Na Nova Zelândia viviam não só os moas Anomalopteryx didiformis, que podiam atingir cerca de um metro de altura, mas também oito outras espécies destas aves. Ficaram todas extintas há cerca de 600 anos ou 700 anos, altura em que os seres humanos chegaram à ilha – e não foi coincidência, mas sim consequência sobretudo da caça intensiva por parte dos humanos.
Todas herbívoras, as nove espécies de moas não estavam distribuídas de maneira uniforme pelas duas ilhas principais da Nova Zelândia. Duas espécies só existiam na Ilha Norte, outras duas viviam em ambas as ilhas e as restantes cinco só habitavam a Ilha Sul. O Anomalopteryx didiformis era comum nas florestas das duas ilhas da Nova Zelândia.

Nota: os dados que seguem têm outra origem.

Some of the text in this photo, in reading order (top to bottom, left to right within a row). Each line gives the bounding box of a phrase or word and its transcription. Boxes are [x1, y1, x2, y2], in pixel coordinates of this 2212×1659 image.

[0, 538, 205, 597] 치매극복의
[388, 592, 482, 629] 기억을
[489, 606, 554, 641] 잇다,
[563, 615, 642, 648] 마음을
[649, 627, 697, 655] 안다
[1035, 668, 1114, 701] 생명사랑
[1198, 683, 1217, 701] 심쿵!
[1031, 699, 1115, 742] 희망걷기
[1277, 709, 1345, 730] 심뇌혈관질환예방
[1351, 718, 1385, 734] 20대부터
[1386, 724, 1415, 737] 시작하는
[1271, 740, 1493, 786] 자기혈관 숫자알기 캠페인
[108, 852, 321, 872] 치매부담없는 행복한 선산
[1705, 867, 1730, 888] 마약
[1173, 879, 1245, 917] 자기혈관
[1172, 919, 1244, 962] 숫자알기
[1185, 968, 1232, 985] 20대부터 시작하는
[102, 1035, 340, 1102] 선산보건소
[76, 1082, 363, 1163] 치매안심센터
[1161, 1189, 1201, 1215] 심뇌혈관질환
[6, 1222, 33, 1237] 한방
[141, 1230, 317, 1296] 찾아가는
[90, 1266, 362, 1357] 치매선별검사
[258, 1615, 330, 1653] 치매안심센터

O ADN desta espécie foi reconstituído através do material recolhido de um único osso da pata de uma destas aves, que pertence ao Museu Real do Ontário, no Canadá. O artigo científico em que são apresentadas estes resultados está disponível online desde Fevereiro num repositório de acesso livre de trabalhos científicos de biologia – o bioRxiv –, mas ainda não foi publicado em nenhuma revista científica ou sujeito a avaliação prévia pelos pares. Além da sequenciação completa do ADN das mitocôndrias (as chamadas baterias da célula, que ficam fora do núcleo das células), a equipa relata a primeira descodidicação do material genético do núcleo celular de uma espécie de moa.

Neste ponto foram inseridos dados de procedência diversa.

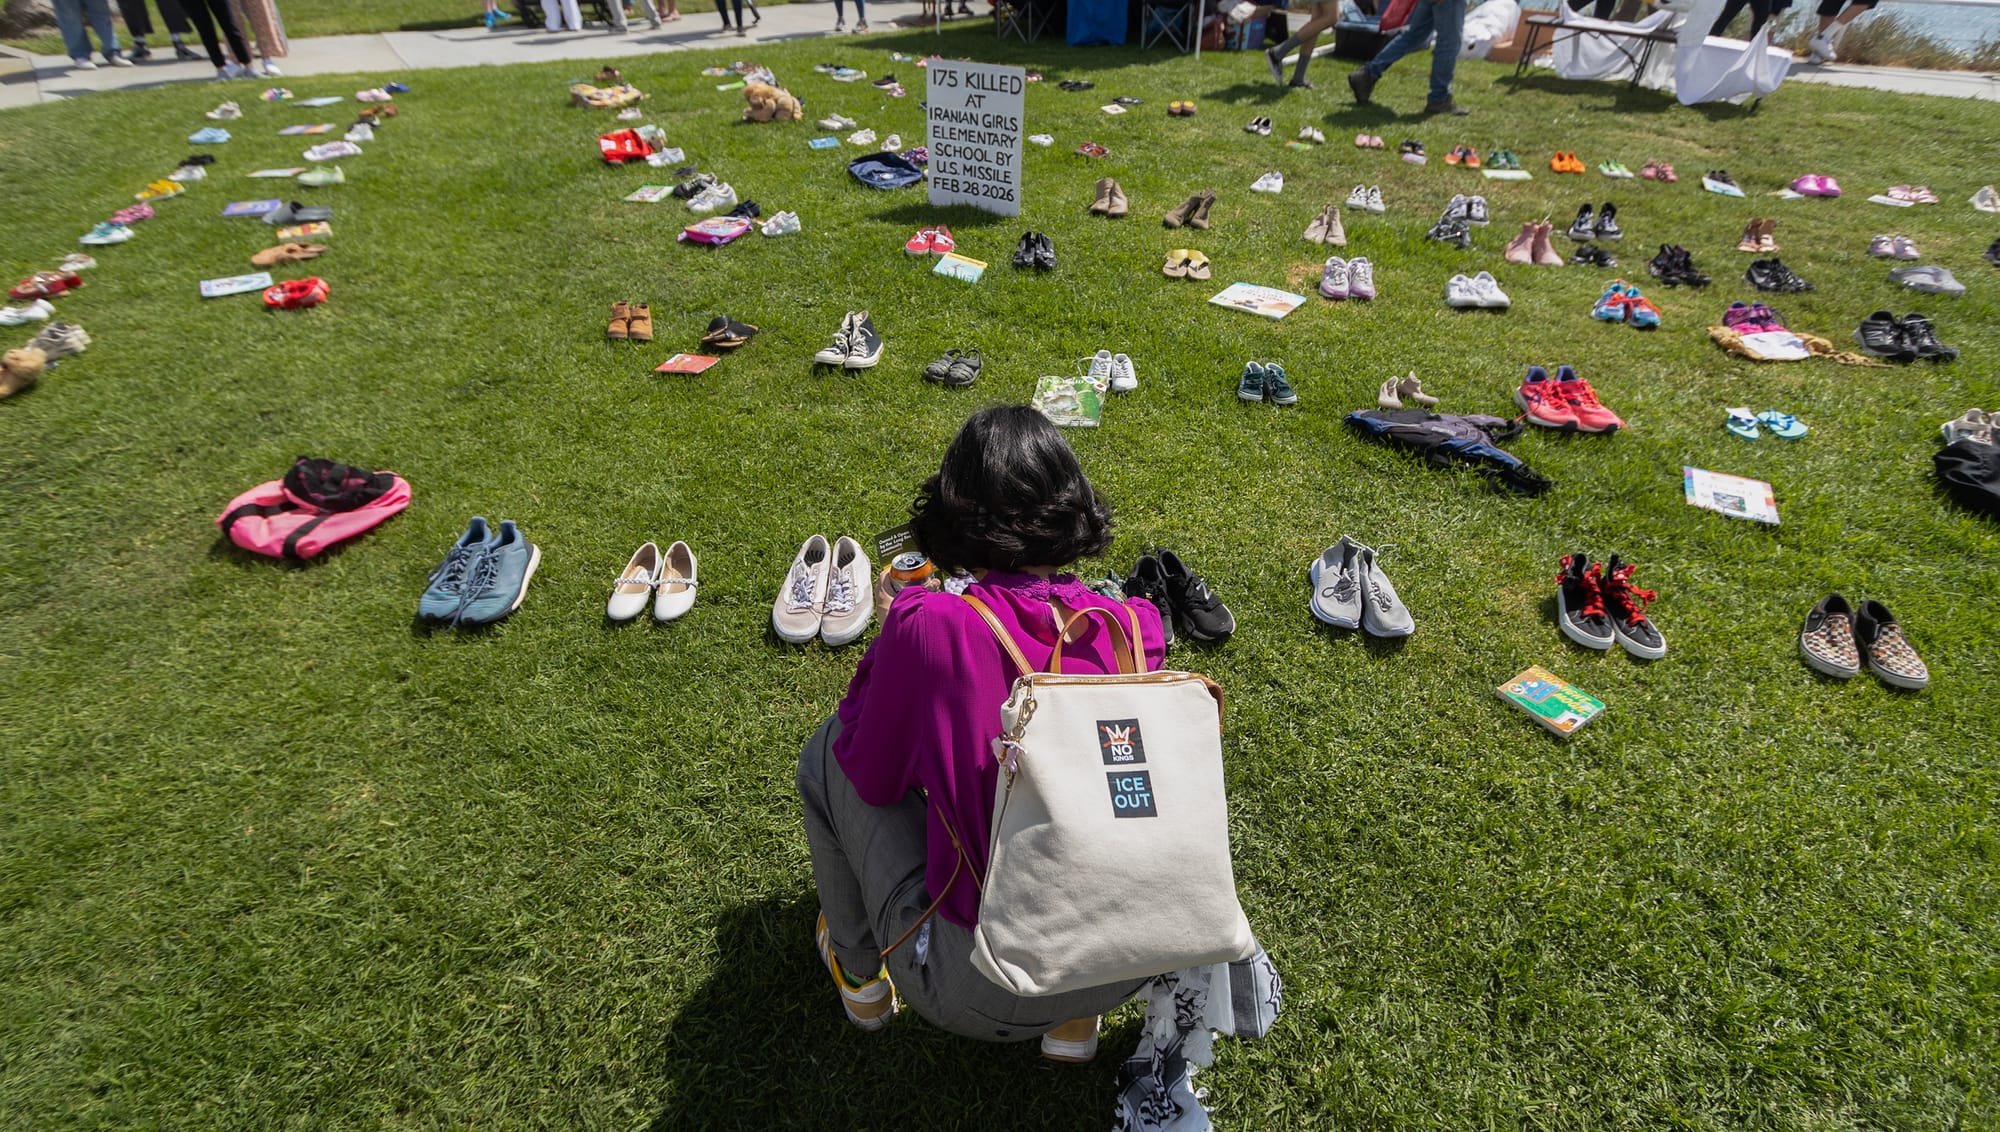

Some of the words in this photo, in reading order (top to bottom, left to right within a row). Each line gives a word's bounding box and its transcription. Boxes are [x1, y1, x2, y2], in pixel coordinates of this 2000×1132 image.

[933, 69, 958, 87] 175
[965, 72, 1022, 94] KILLED
[965, 94, 986, 108] AT
[929, 107, 978, 125] IRANIAN
[982, 114, 1018, 132] GIRLS
[933, 126, 1017, 148] ELEMENTARY
[935, 143, 992, 162] SCHOOL
[996, 152, 1013, 166] BY
[936, 160, 959, 175] U.S.
[963, 164, 1012, 184] MISSILE
[933, 177, 959, 193] FEB
[963, 181, 979, 195] 28
[982, 184, 1014, 201] 2026
[1111, 745, 1132, 755] NO
[1116, 777, 1145, 791] ICE
[1115, 793, 1150, 808] OUT

A tarefa de recolher ADN de peças antigas pode ser dificultada pela degradação do material genético. Depois de a amostra de material genético estar recolhida, a parte mais difícil é perceber onde encaixam as sequências genéticas do ADN do núcleo das células desta espécie de aves, compostas por mais de 900 milhões de nucleótidos – a adenina, timina, citosina e guanina, elementos químicos de base que constituem a molécula de ADN, representadas pelas letras A, T, C e G. Os genes são conjuntos dessas letras (pequenas moléculas), que comandam o fabrico de proteínas e se encaixam aos pares: A com T e C com G.
Há outros casos de genomas de espécies extintas que foram recriados, com elevada qualidade; dois deles são parentes nossos: os neandertais (através do ADN contido no fémur do mais antigo fóssil de humano moderno, uma mulher que vivia nos Montes Altai, Rússia) e os denisovanos (a partir de uma pequena parcela da falange de um dedo fossilizado, encontrado em 2008 na gruta siberiana Denisova, daí o nome). Sequenciado está também o genoma dos pombos-comuns, por exemplo, e dos extintos mamutes-lanudos.

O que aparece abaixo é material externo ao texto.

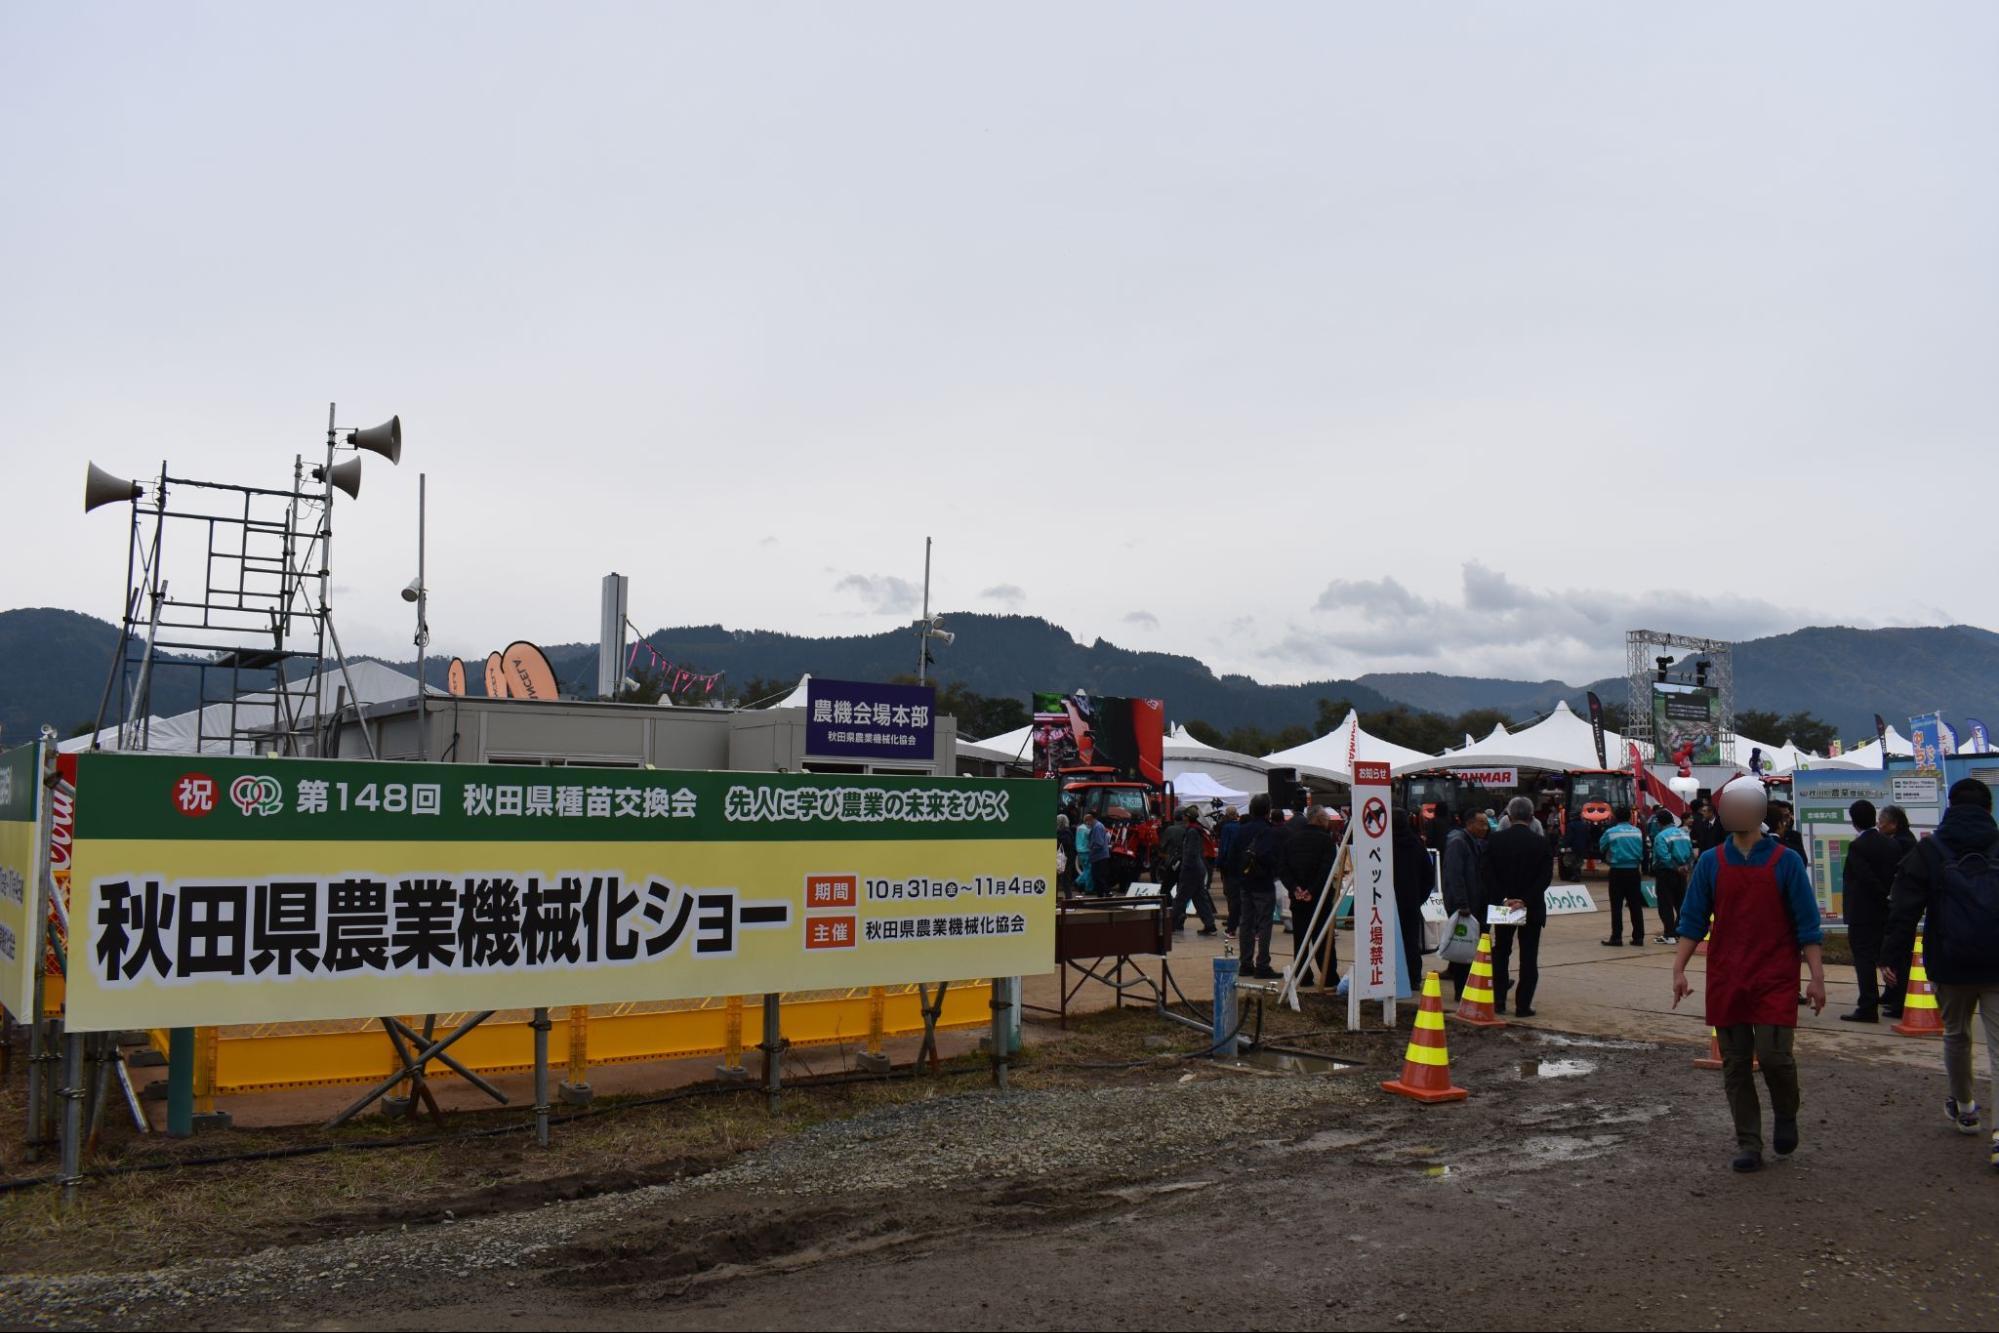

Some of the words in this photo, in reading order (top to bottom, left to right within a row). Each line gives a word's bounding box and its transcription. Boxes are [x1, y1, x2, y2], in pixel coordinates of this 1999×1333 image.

[813, 699, 929, 728] 農機会場本部
[828, 731, 916, 746] 秋田県農業機械化協会
[1359, 767, 1387, 780] お知らせ
[1456, 771, 1512, 783] ANMAR
[179, 778, 213, 811] 祝
[296, 779, 441, 815] 第148回
[463, 783, 698, 818] 秋田県種苗交換会
[725, 786, 1009, 822] 先人に学び農業の未来をひらく
[814, 882, 849, 901] 期間
[96, 877, 788, 981] 秋田県農業機械化ショー
[813, 923, 849, 942] 主催
[865, 914, 1025, 940] 秋田県農業機械化協会
[1369, 847, 1384, 985] ペット入場禁止

Como estes mamutes-lanudos estavam bem conservados no solo gelado da Sibéria – que até conservou o pêlo que os cobria desde há milhares de anos até aos dias de hoje, valendo-lhes o nome –, foi possível reconstituir a molécula de ADN contida no núcleo das suas células.
Possuindo o material genético dos animais extintos, torna-se teoricamente possível trazer estes animais de volta à vida, como se de uma sequela do filme Parque Jurássico se tratasse. Mas não seria tarefa fácil. Na altura em que foi sequenciado o genoma do mamute-lanudo, o jornalista de ciência Henry Nicholls escreveu um artigo para a revista Nature em que evidenciava o quão complicado seria fazer nascer um destes mamutes a partir do seu ADN, fazendo com que tudo batesse certo: “Para pôr carne nos ossos do rascunho de genoma”, escrevia Nicholls, “seria preciso dominar, no mínimo, as seguintes etapas: definir quais vão ser os genes da nossa criatura, sintetizar os cromossomas a partir dessas sequências, colocá-los dentro de um invólucro nuclear adequado; transferir esse núcleo para um ovócito compatível [os de elefante, a escolha mais natural, são extremamente escassos]; e transferir o embrião resultante para um útero que o leve até ao termo.”
No caso dos moas, a escolha dos ovos mais provável seria a dos seus parentes mais próximos: os emus, cujo ADN foi precisamente usado como comparação para tentar perceber como encaixar as peças do material genético dos moas; os investigadores conseguiram que 85% do genoma ficasse bem posicionado. No final de tudo isto, seria ainda preciso criar vários indivíduos para que pudessem reproduzir-se.
A descodificação do genoma destas pequenas aves poderá ser também útil para facilitar a leitura do material genético das outras oito espécies de moas extintas, assim como de outras aves não voadoras que tenham um genoma semelhante ao dos Anomalopteryx didiformis. Como referido no artigo científico, este genoma “abre um novo capítulo” na investigação do material genético dos moas.